グラフィックデザイナー
日本語は、ひらがな、カタカナ、漢字の3種類の文字を使う。それぞれ別々に使用するのではなく、その3種類が入り混じって使われる。日本人であれば当たり前に使っているこの日本語の文字を、日本語圏以外の人に英語で説明する小冊子をこのほど作った。文字は四角いマス目の中心に書くことや、習字でよく習う、ハネやトメなど、活字のタイポグラフとしての解説が、語学書としてではなく、グラフィックとしてわかりやすく解説してあり、日本人のデザイナーや出版関係者がみたらきっと興味を示しそうな内容だ。
髙坂美桜さんは、1999年東京生まれ。
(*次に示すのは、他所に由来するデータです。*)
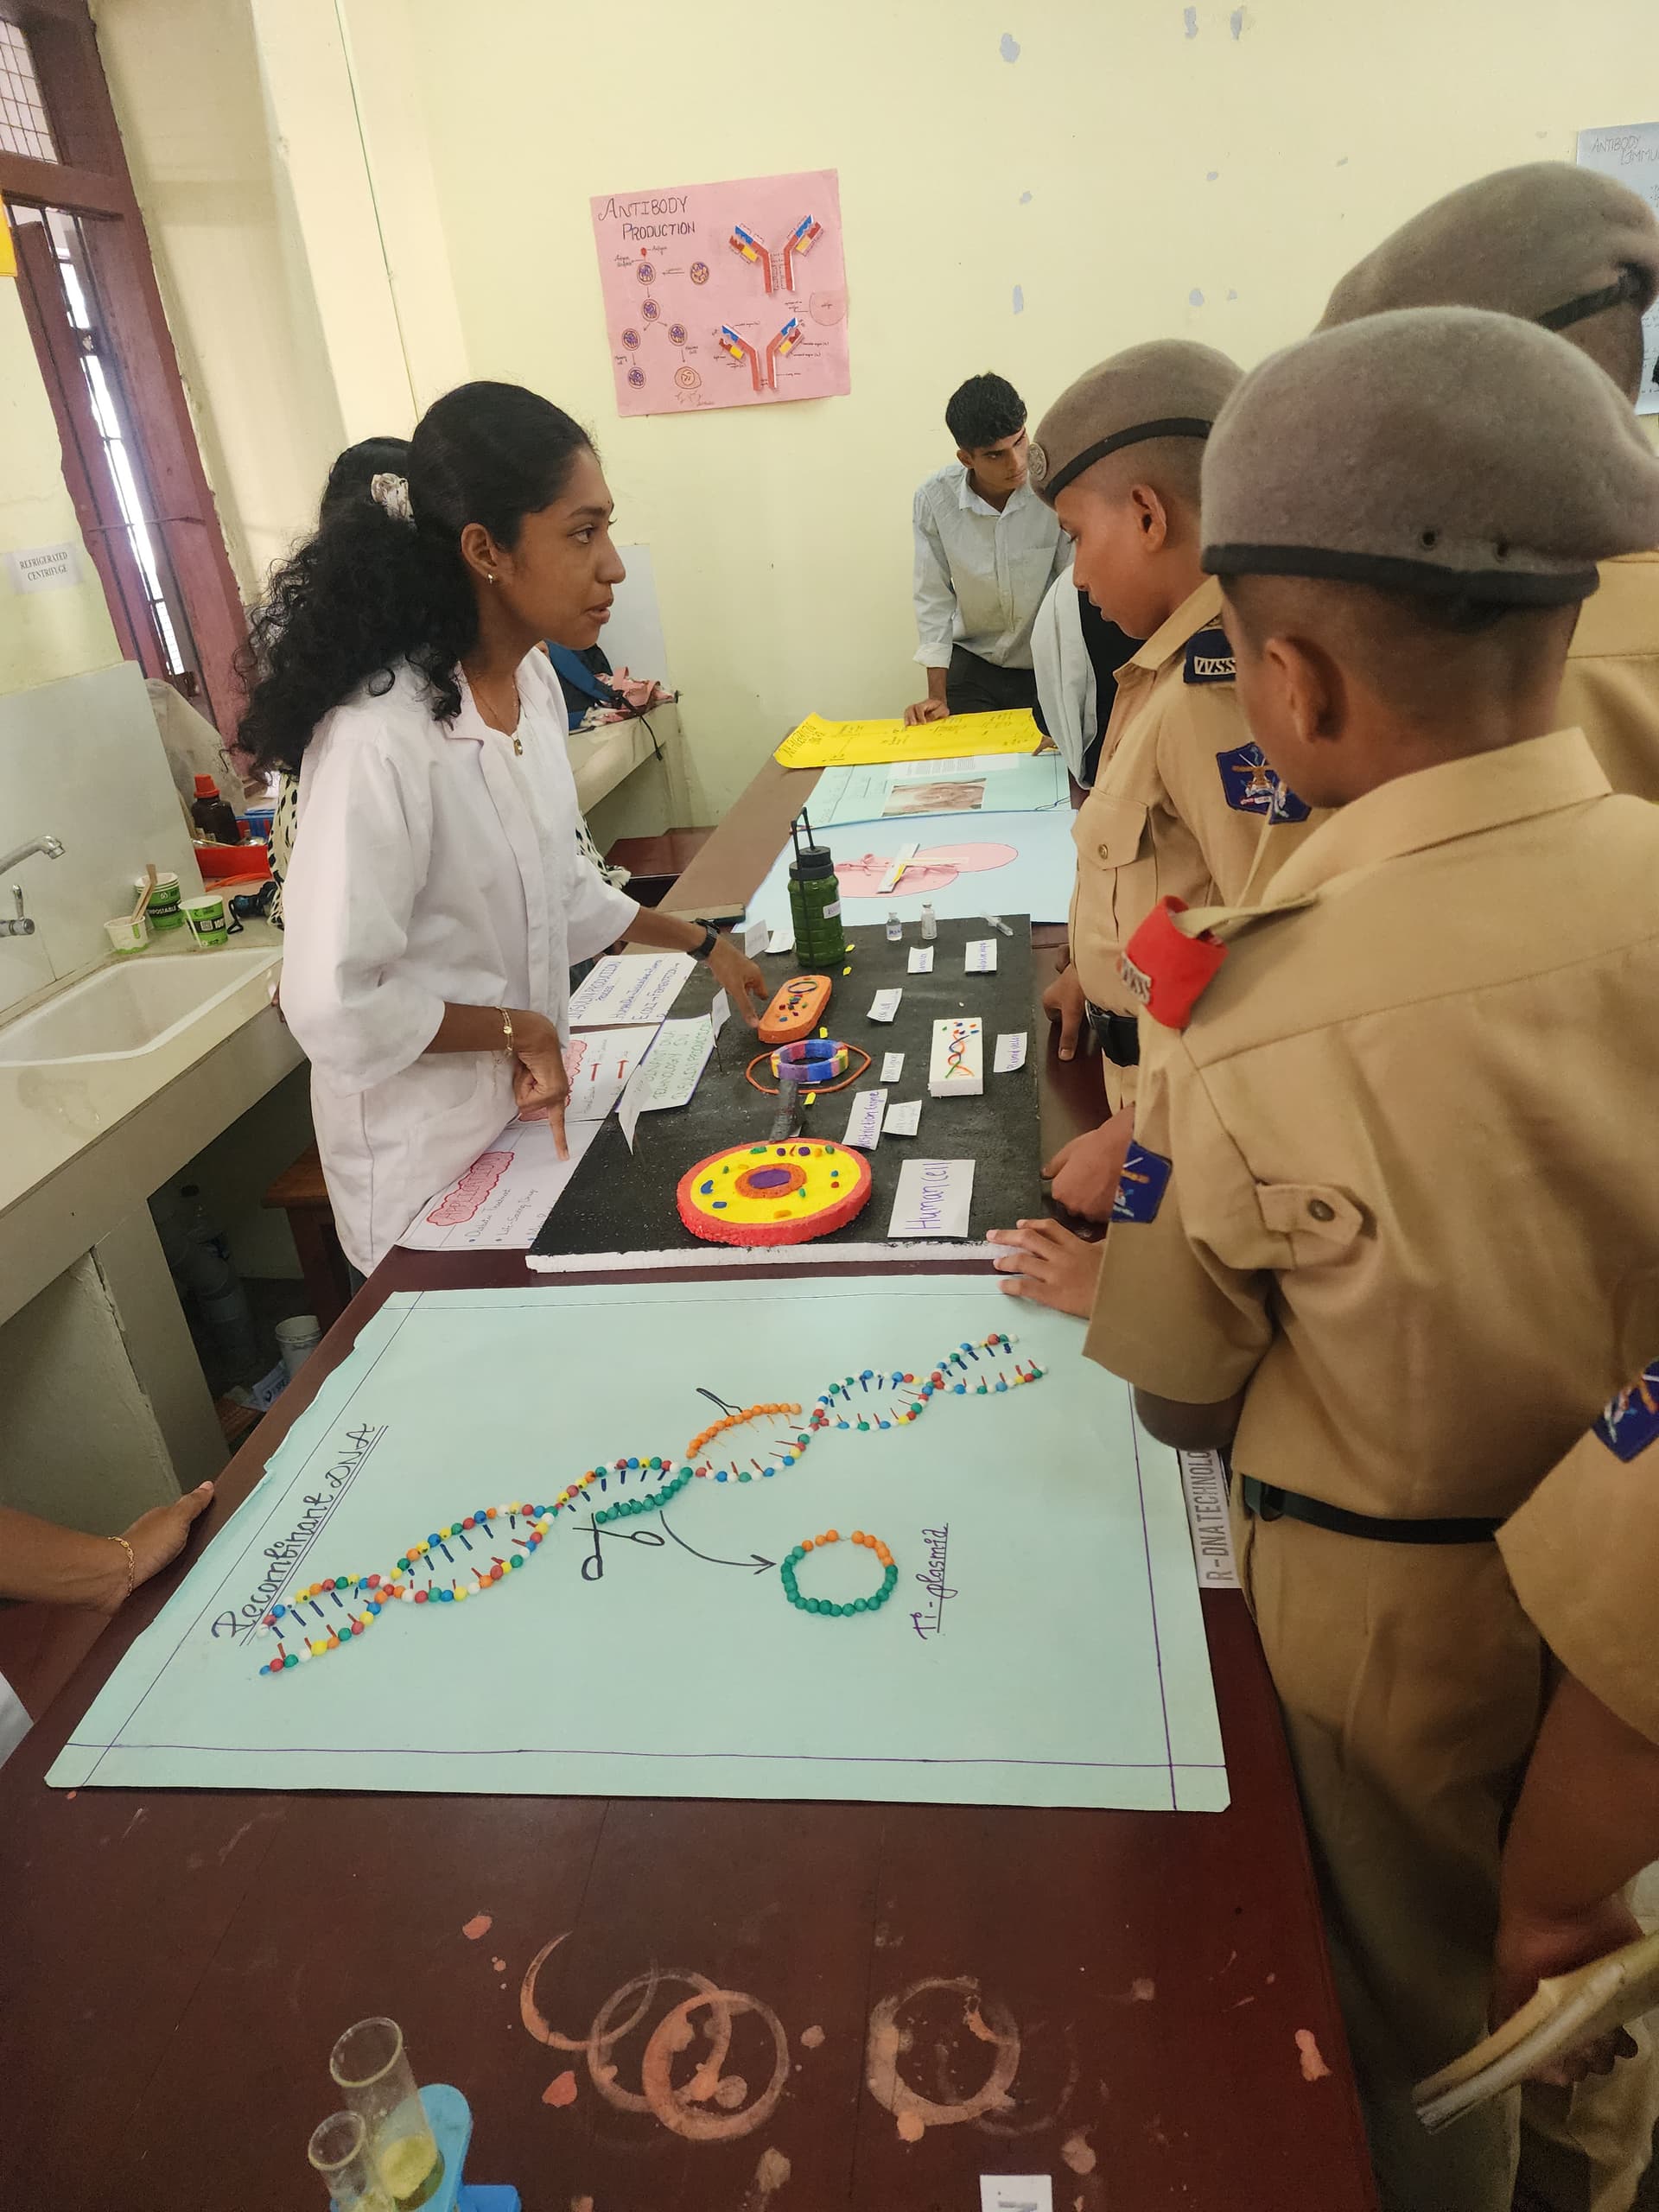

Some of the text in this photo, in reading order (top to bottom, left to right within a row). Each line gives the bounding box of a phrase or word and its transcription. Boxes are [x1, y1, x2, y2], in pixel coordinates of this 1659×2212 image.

[598, 195, 689, 220] ANTIBODY
[622, 221, 696, 241] PRODUCTION
[19, 551, 68, 570] REFRIGERATED
[27, 564, 67, 582] CENTRIFUGE
[905, 1161, 953, 1231] Human Cell
[211, 1422, 376, 1639] Recombinant DNA
[1199, 1524, 1235, 1581] R-DNA
ブルックリンを拠点に活動するグラフィックデザイナーだ。高校から米バーモント州の高校に留学し、2023年にロードアイランド・スクール・オブ・デザインのグラフィックデザイン学部を卒業。米国で エディトリアルデザイン、展示グラフィックデザインなどの領域を横断しながら、米大手点字表示デザイン会社に勤めながら、自己表現としてのデザインを探求、2025年春に大学時代の仲間3人で独立し、デザインスタジオ、小指スタジオ(Koyubi Studio)を設立。同社の発起人として知的好奇心を刺激するアートやデザインを作って世界にシェアしている。
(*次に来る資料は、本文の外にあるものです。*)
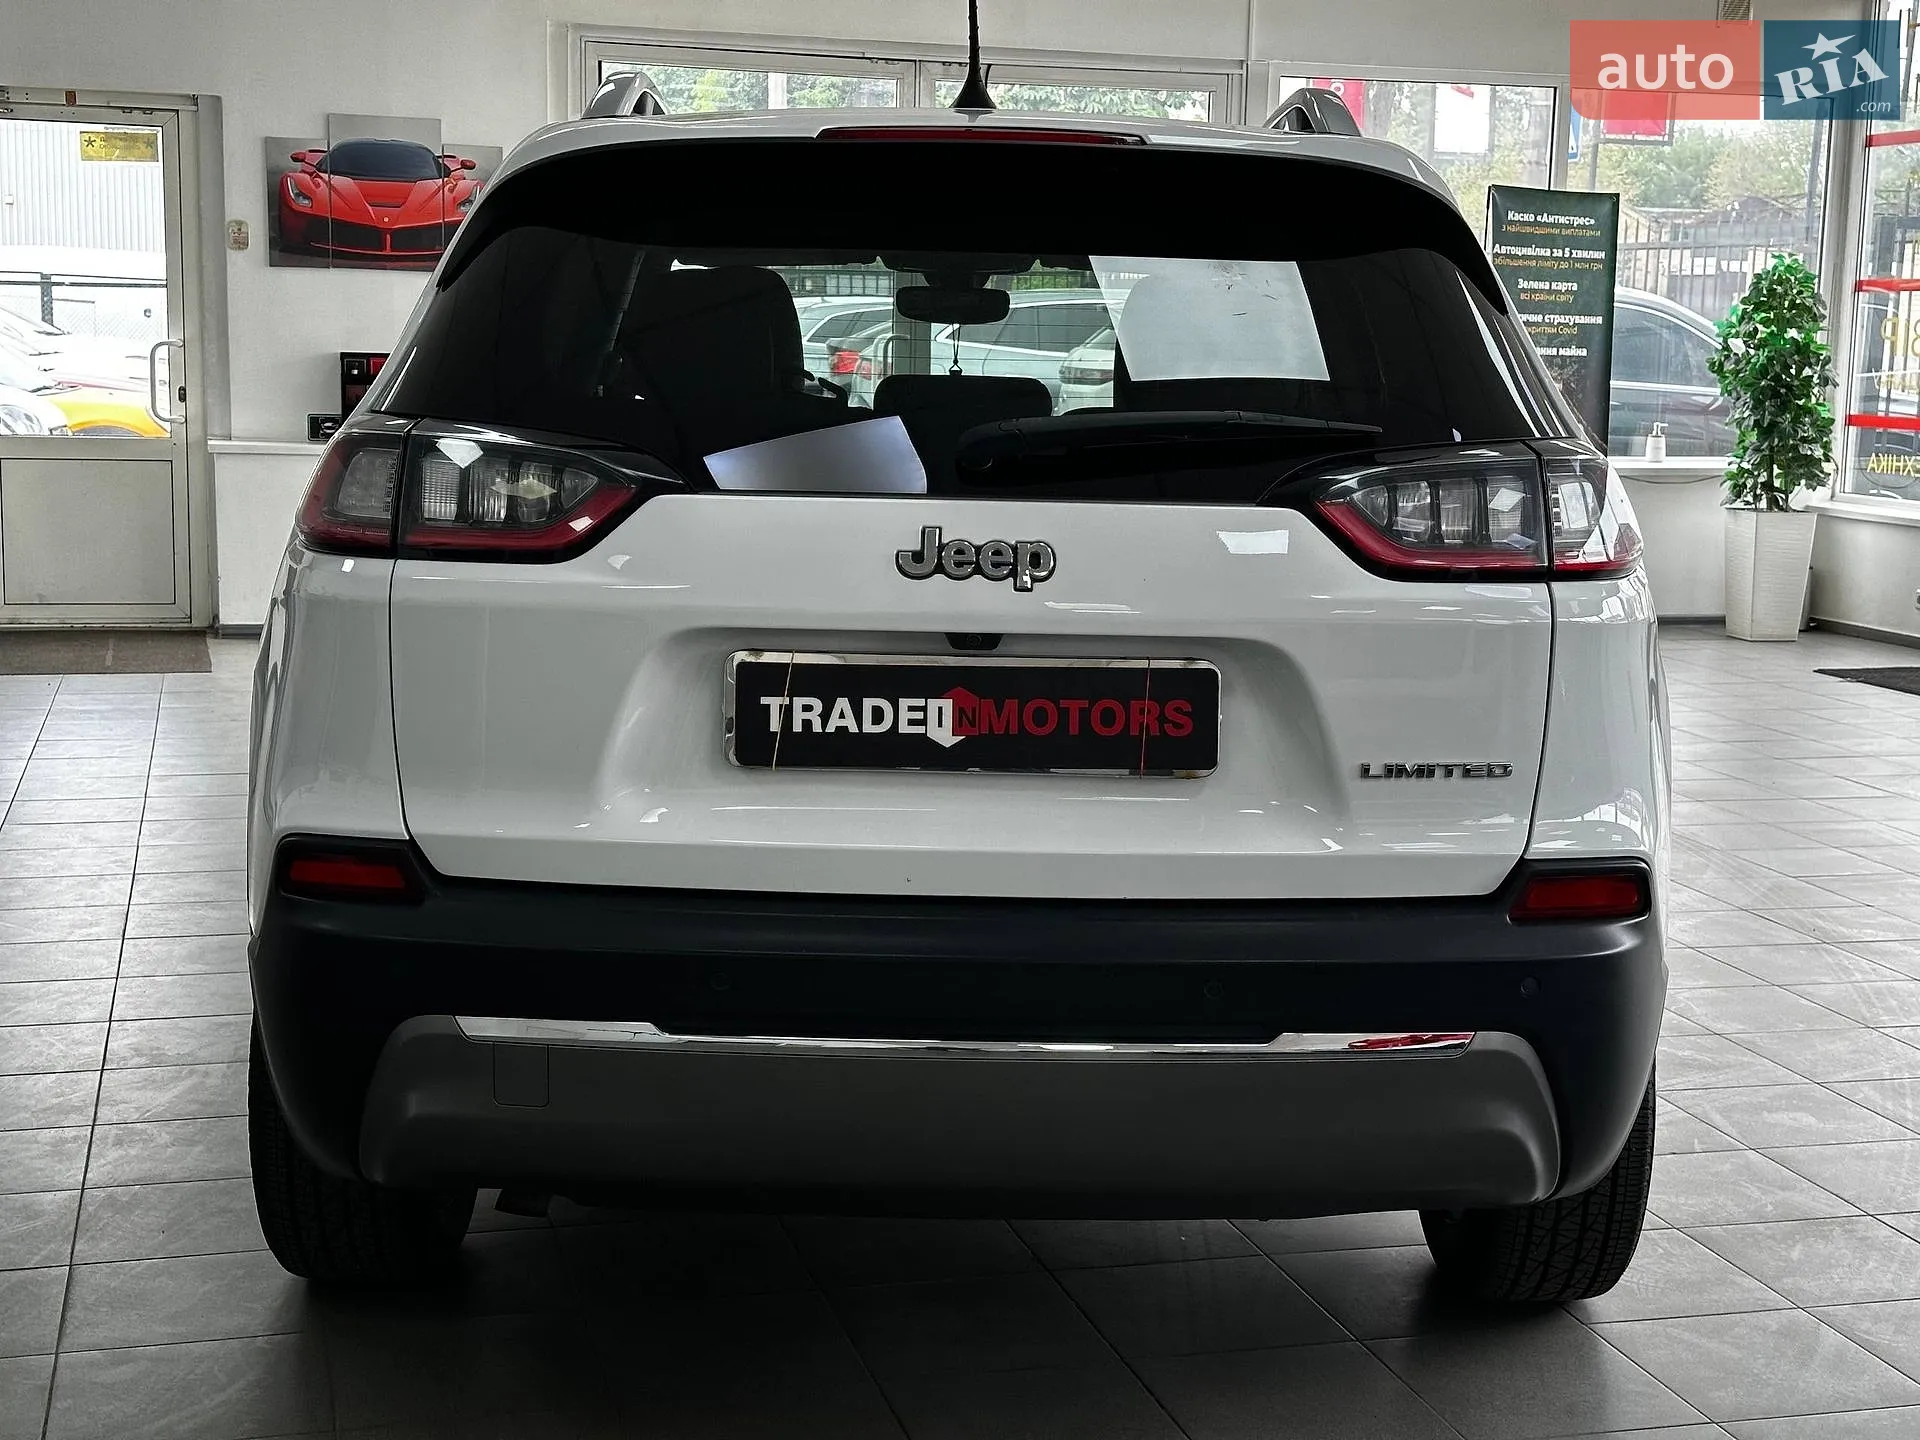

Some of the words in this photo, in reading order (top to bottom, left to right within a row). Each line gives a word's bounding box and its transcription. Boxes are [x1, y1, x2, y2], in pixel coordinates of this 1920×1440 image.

中国人の母親と日本人の父親の間に生まれた髙坂さんは、父親が病気のため、生まれてすぐ中国の母方の祖母に預けられて幼少期を北京で過ごした。小学1年の時に日本に帰国して5年生から中学3年まで再び北京暮らしとなり高校進学をきっかけに留学、来米した。
「異なる文化や言語のデザインを横断しながら、どこかひとつの地域に収まらない独自のスタイルを探求しています。独立出版を通じて、異国での日常生活や通勤中の小さな出来事、自己の変容といった個人的な体験を記録し再構成することが私の実践の中心にあります」と話す。
12歳の時に読んだ沢木耕太郎の『深夜特急』に感動し、大学生の20歳の時に香港からアゼルバイジャンまで陸路で旅をした。国境をまたぐということがどういうことなのか、それまでは飛行機で日米、日中を何度も行き来して、飛行機で着いてドアを開けたら全く別世界という体験だったのが、陸路で国境を越えると、ウズベキスタン、カザフスタンなどグラデーションのように人種が移り変わっていくのを実体験して、自我が芽生える時に身をもって国境を越えることの意味を味わった。それが今の仕事にもつながっている。
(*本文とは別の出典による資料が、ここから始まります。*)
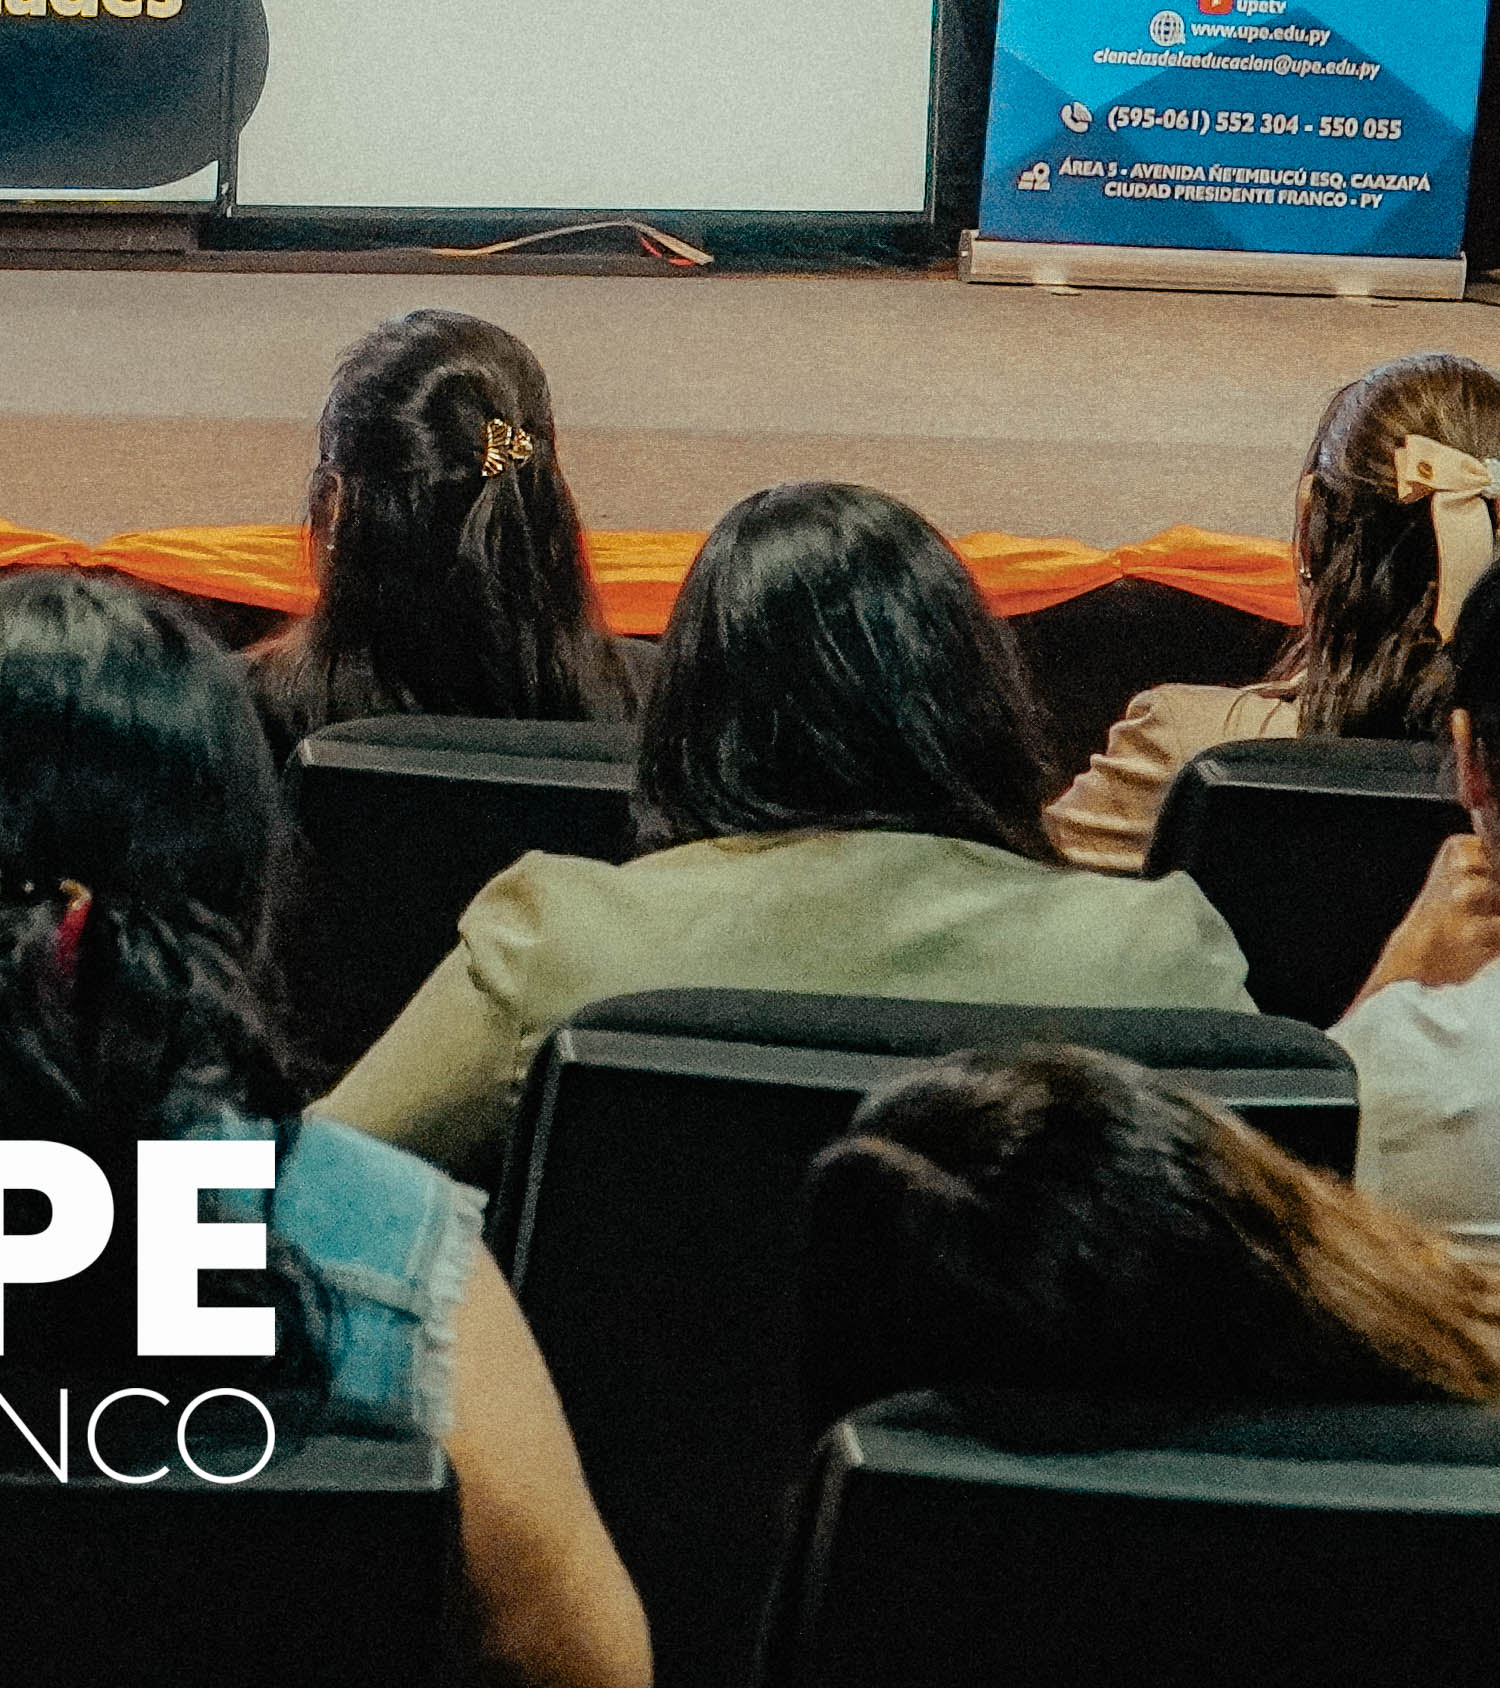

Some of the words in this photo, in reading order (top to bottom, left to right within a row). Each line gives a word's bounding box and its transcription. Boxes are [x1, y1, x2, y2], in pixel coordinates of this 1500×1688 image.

[1236, 0, 1287, 16] upetv
[1190, 22, 1331, 46] www.upe.edu.py
[1093, 47, 1380, 81] cienciasdelaeducacion@upe.edu.py
[1107, 105, 1210, 135] (595-061)
[1215, 112, 1254, 133] 552
[1260, 113, 1298, 135] 304
[1318, 116, 1356, 138] 550
[1362, 117, 1402, 140] 055
[1058, 155, 1104, 176] ÁREA
[1129, 161, 1206, 182] AVENIDA
[1310, 169, 1347, 189] ESQ.
[1350, 171, 1431, 192] CAAZAPÁ
[1104, 181, 1171, 199] CIUDAD
[1173, 184, 1274, 204] PRESIDENTE
[1277, 189, 1347, 207] FRANCO
[1360, 193, 1383, 209] PY
将来の夢は「NYを拠点にしながら、もっとたくさんの場所に旅に出たいと思っています。旅の体験を元に紀行文を書き、デザインとミックスさせた作品を作るのが夢です。グラフィックデザインやエディトリアルデザインにとどまらず、表現の領域をどんどん広げて行きたいと思っています。より多様なクライアントワークに挑みたいですね」と話す。
世の中がすべてデジタル化した現代、AIではないリアルな絵や手書きのグラフィックなどが再び見直される揺り戻しがきていると感じているという。自分が身体として存在している意味は何か。Z世代の模索は続きそうだ。